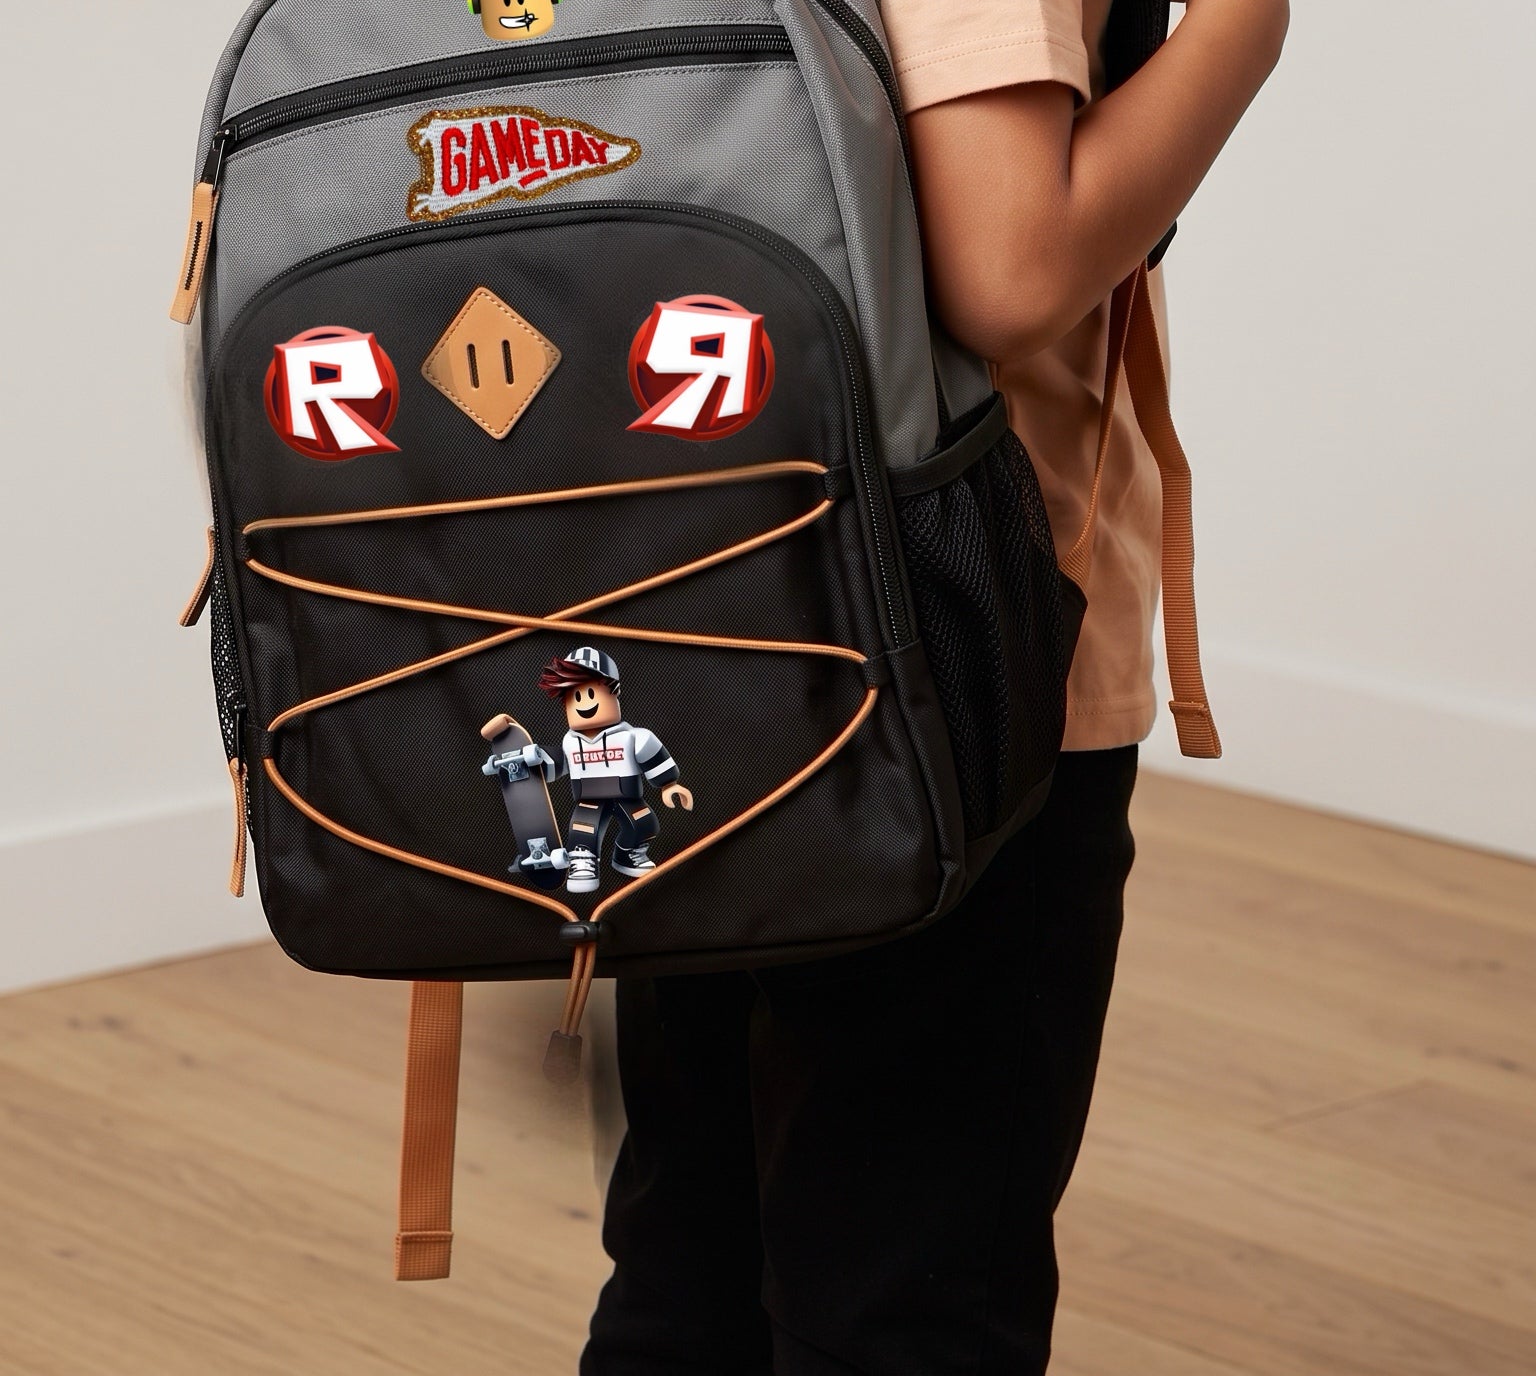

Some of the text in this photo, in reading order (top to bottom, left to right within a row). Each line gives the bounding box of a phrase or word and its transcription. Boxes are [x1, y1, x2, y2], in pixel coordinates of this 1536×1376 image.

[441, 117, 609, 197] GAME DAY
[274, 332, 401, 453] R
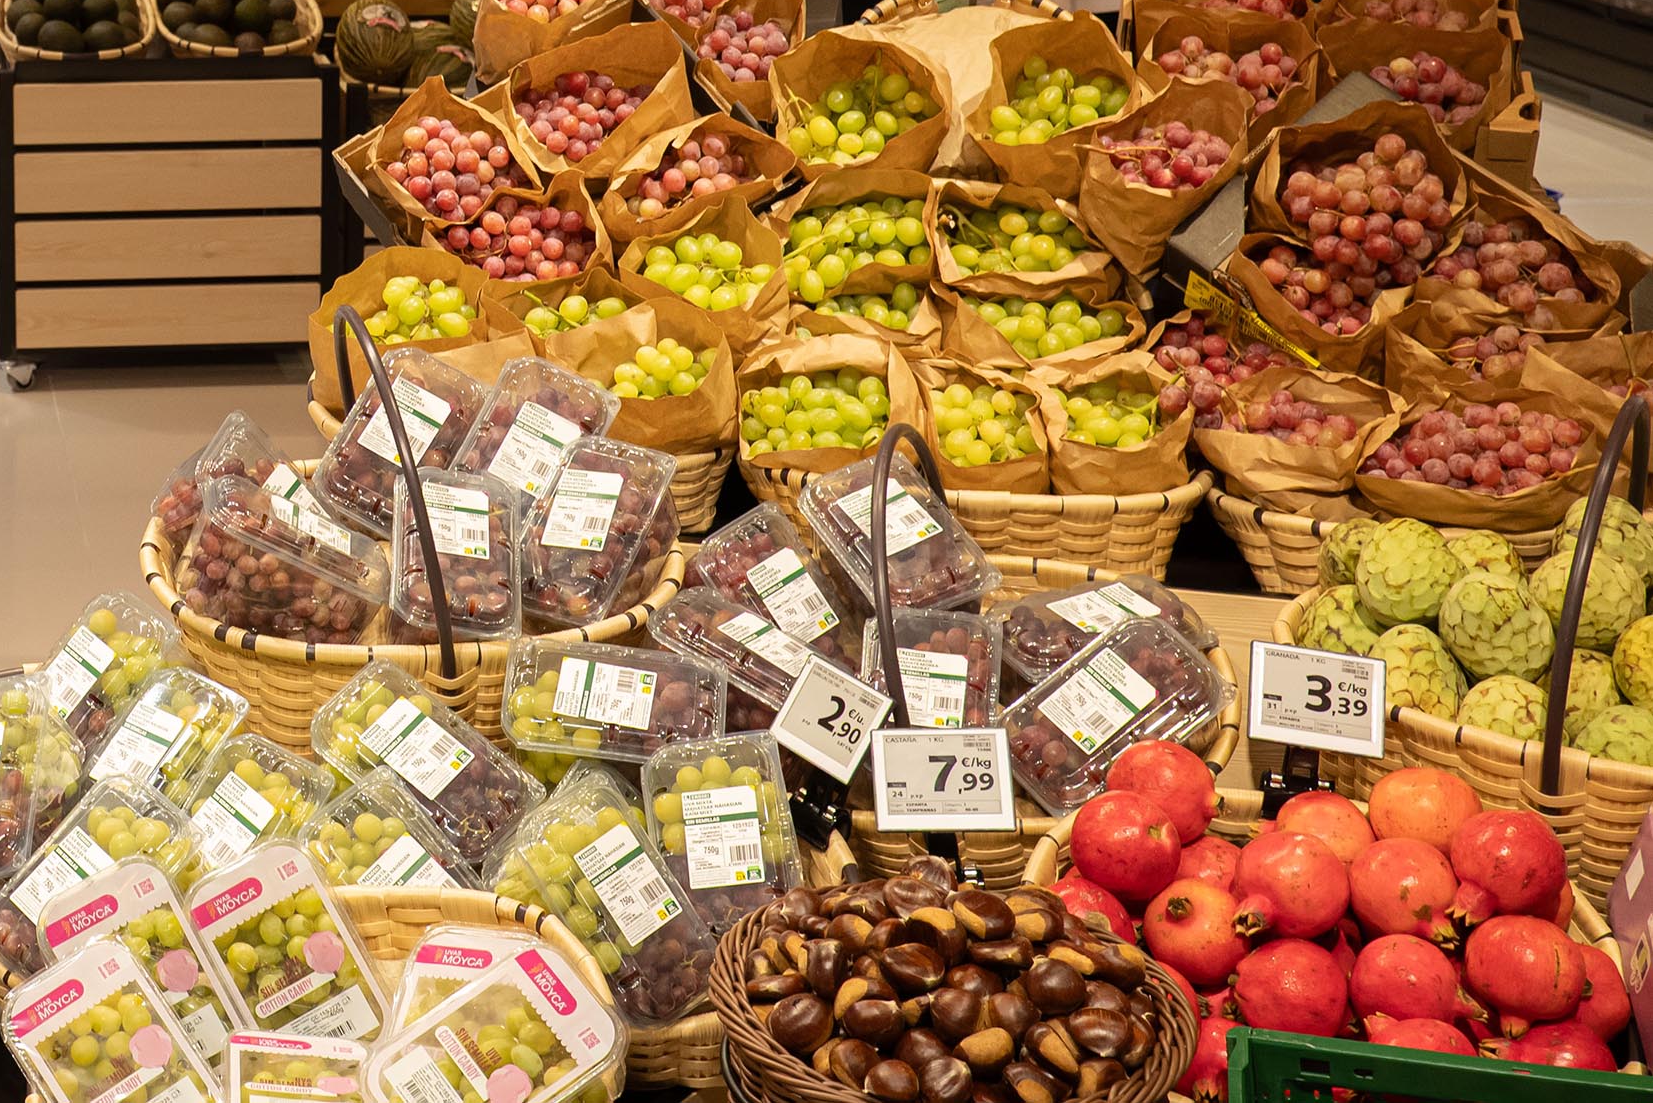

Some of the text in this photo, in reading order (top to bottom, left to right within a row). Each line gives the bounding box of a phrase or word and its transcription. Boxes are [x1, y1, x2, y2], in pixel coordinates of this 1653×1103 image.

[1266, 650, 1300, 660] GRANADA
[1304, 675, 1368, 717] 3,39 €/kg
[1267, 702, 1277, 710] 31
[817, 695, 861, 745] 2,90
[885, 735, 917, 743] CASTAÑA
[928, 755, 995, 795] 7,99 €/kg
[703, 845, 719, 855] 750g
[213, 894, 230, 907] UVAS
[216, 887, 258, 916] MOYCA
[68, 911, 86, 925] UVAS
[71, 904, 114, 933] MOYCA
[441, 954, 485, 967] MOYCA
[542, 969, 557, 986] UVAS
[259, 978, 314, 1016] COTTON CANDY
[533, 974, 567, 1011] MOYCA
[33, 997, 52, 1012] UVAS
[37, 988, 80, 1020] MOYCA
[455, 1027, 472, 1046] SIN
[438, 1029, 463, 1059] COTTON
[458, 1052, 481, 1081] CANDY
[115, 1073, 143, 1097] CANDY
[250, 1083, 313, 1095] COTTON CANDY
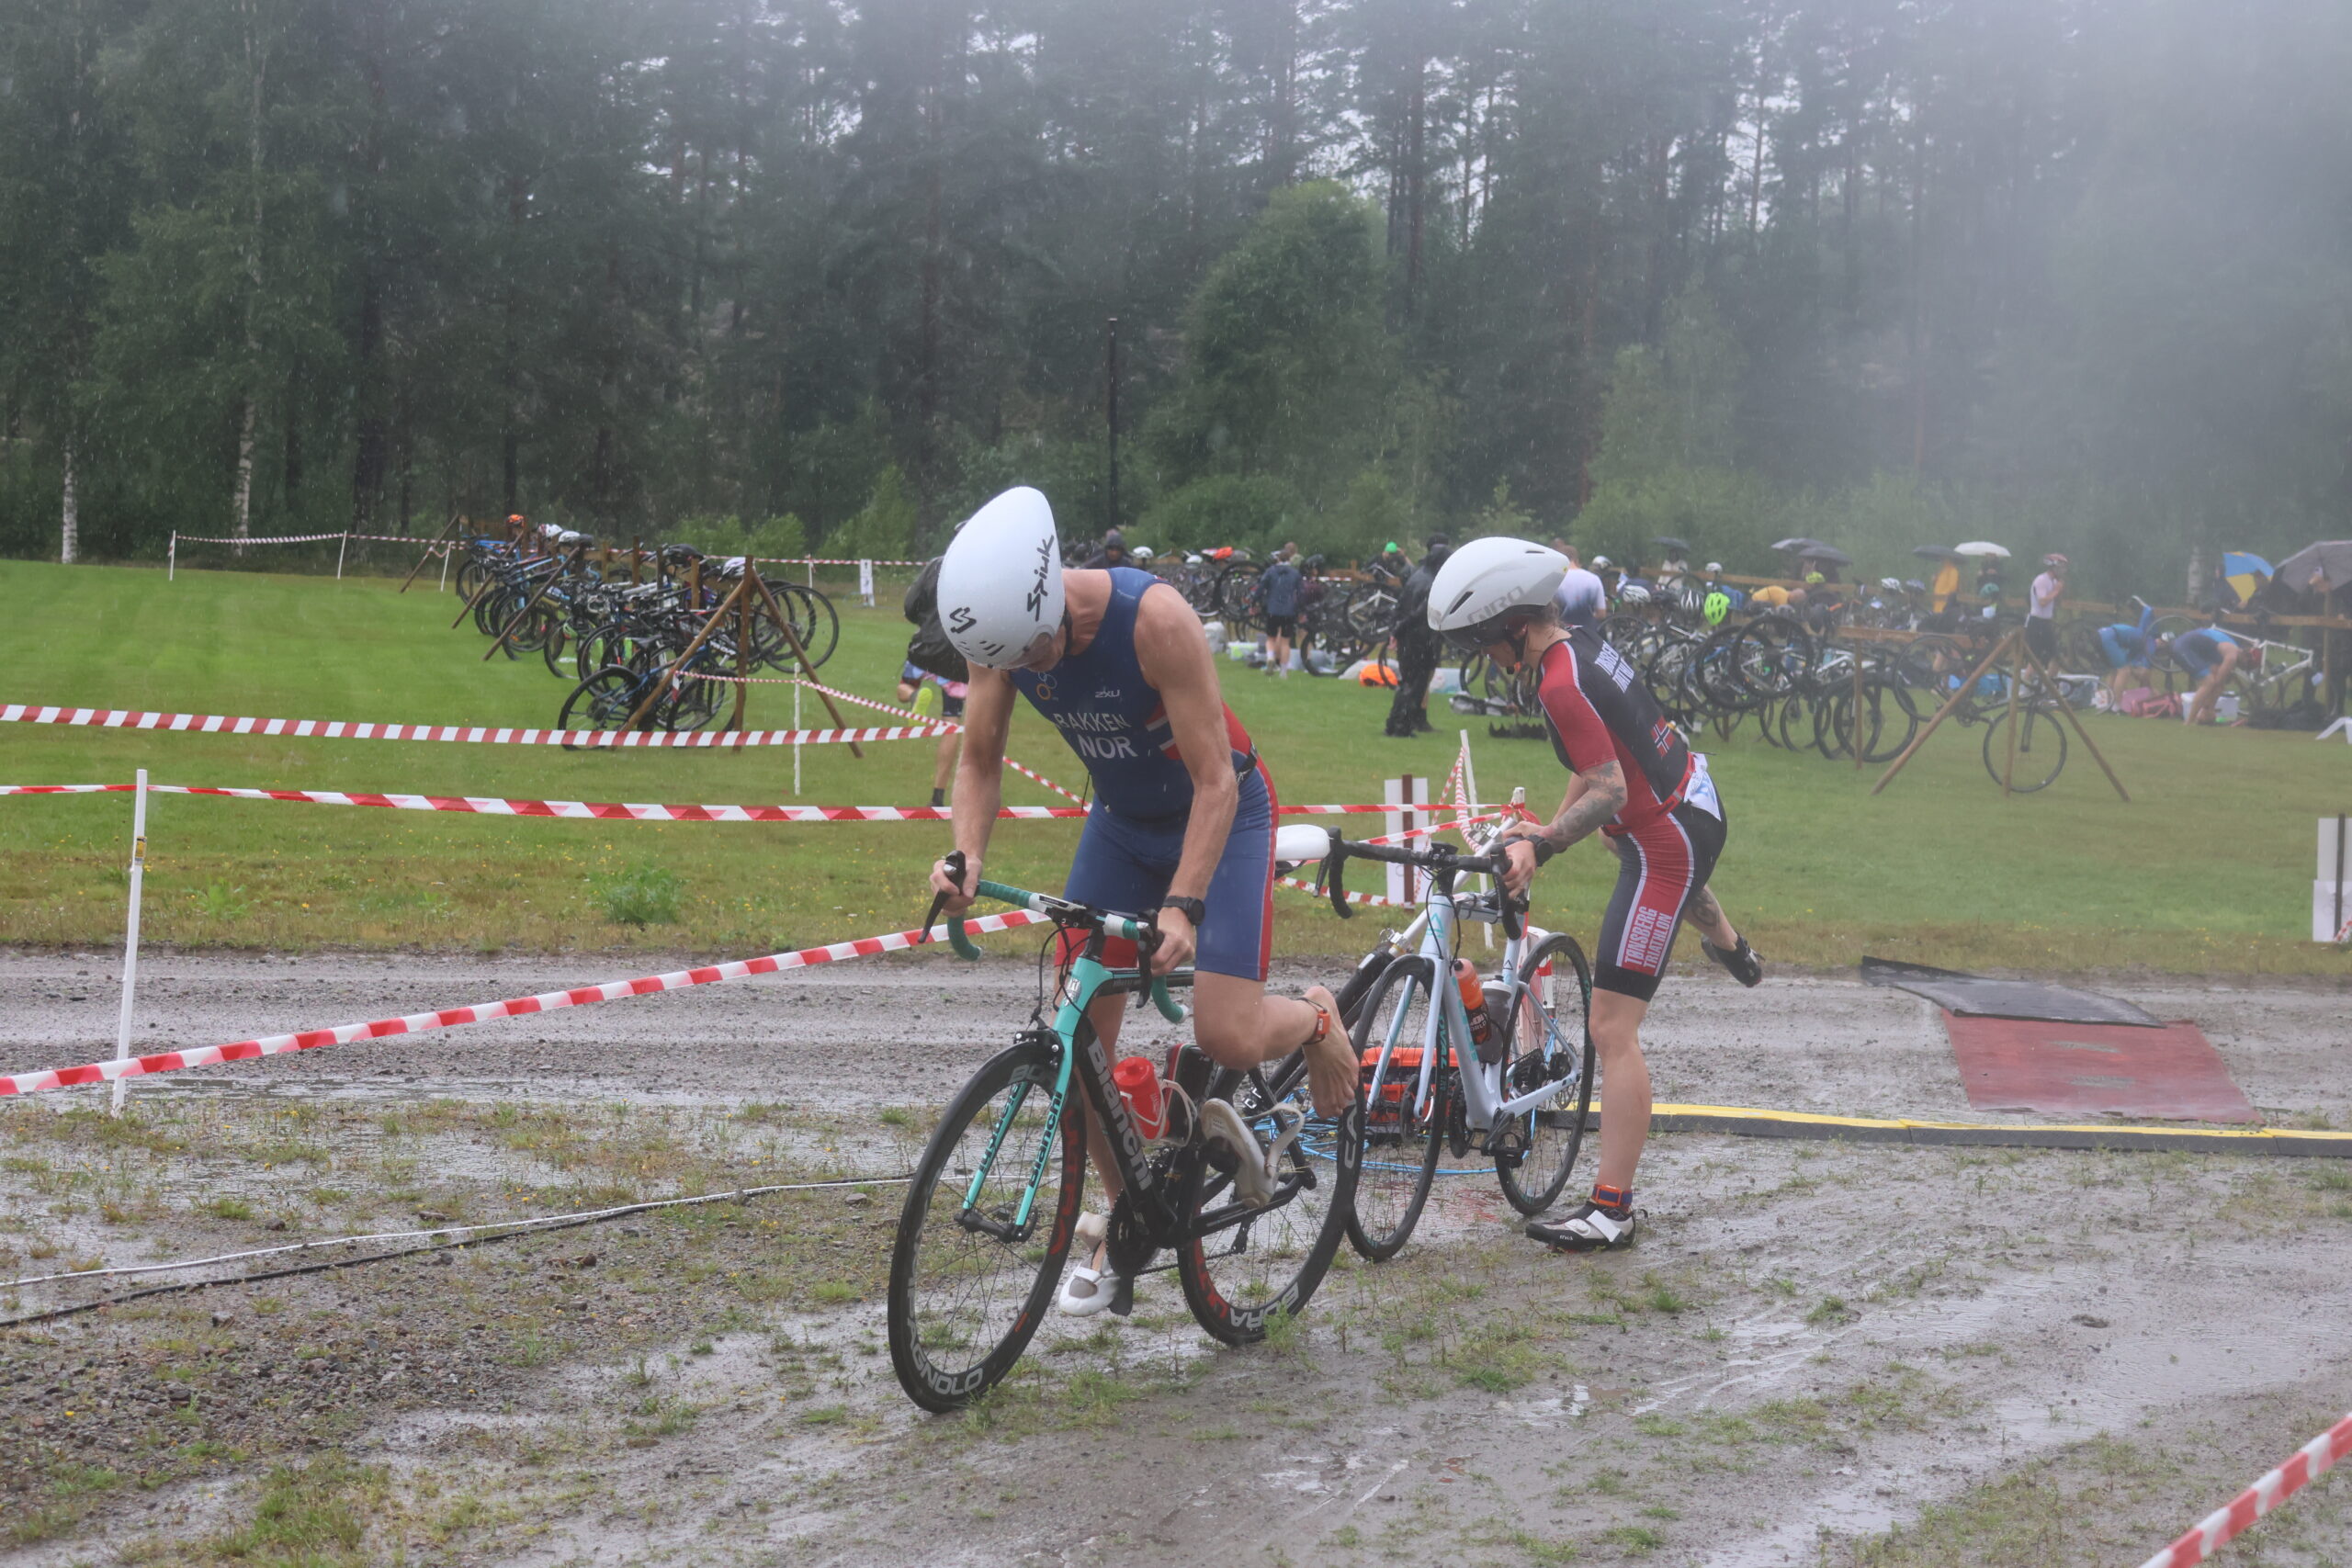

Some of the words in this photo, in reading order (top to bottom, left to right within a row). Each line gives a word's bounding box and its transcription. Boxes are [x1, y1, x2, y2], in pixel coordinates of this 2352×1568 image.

****************************************

§ **THE PROBLEM**: Give back the listing exactly, without a single picture.

§ **YOUR SOLUTION**:
Some of the text in this photo, in reading order (top to bottom, left to right within a row). Each line gives the bounding box of a phrase or word and its transcription. Boxes are [x1, y1, x2, y2], in pixel coordinates of this 1536×1376 image.

[441, 117, 609, 197] GAME DAY
[274, 332, 401, 453] R

Some of the text in this photo, in reading order (top to bottom, left to right within a row). Each line gives the bounding box of a phrase or word and its transcription. Boxes are [x1, y1, x2, y2], in pixel coordinates of this 1653×1103 image.

[1266, 650, 1300, 660] GRANADA
[1304, 675, 1368, 717] 3,39 €/kg
[1267, 702, 1277, 710] 31
[817, 695, 861, 745] 2,90
[885, 735, 917, 743] CASTAÑA
[928, 755, 995, 795] 7,99 €/kg
[703, 845, 719, 855] 750g
[213, 894, 230, 907] UVAS
[216, 887, 258, 916] MOYCA
[68, 911, 86, 925] UVAS
[71, 904, 114, 933] MOYCA
[441, 954, 485, 967] MOYCA
[542, 969, 557, 986] UVAS
[259, 978, 314, 1016] COTTON CANDY
[533, 974, 567, 1011] MOYCA
[33, 997, 52, 1012] UVAS
[37, 988, 80, 1020] MOYCA
[455, 1027, 472, 1046] SIN
[438, 1029, 463, 1059] COTTON
[458, 1052, 481, 1081] CANDY
[115, 1073, 143, 1097] CANDY
[250, 1083, 313, 1095] COTTON CANDY

Some of the words in this photo, in reading order (top to bottom, left to right within a row). Each line gives a word's bounding box and its transcription. Boxes are [x1, y1, x2, y2], in pixel coordinates of this 2352×1568 image.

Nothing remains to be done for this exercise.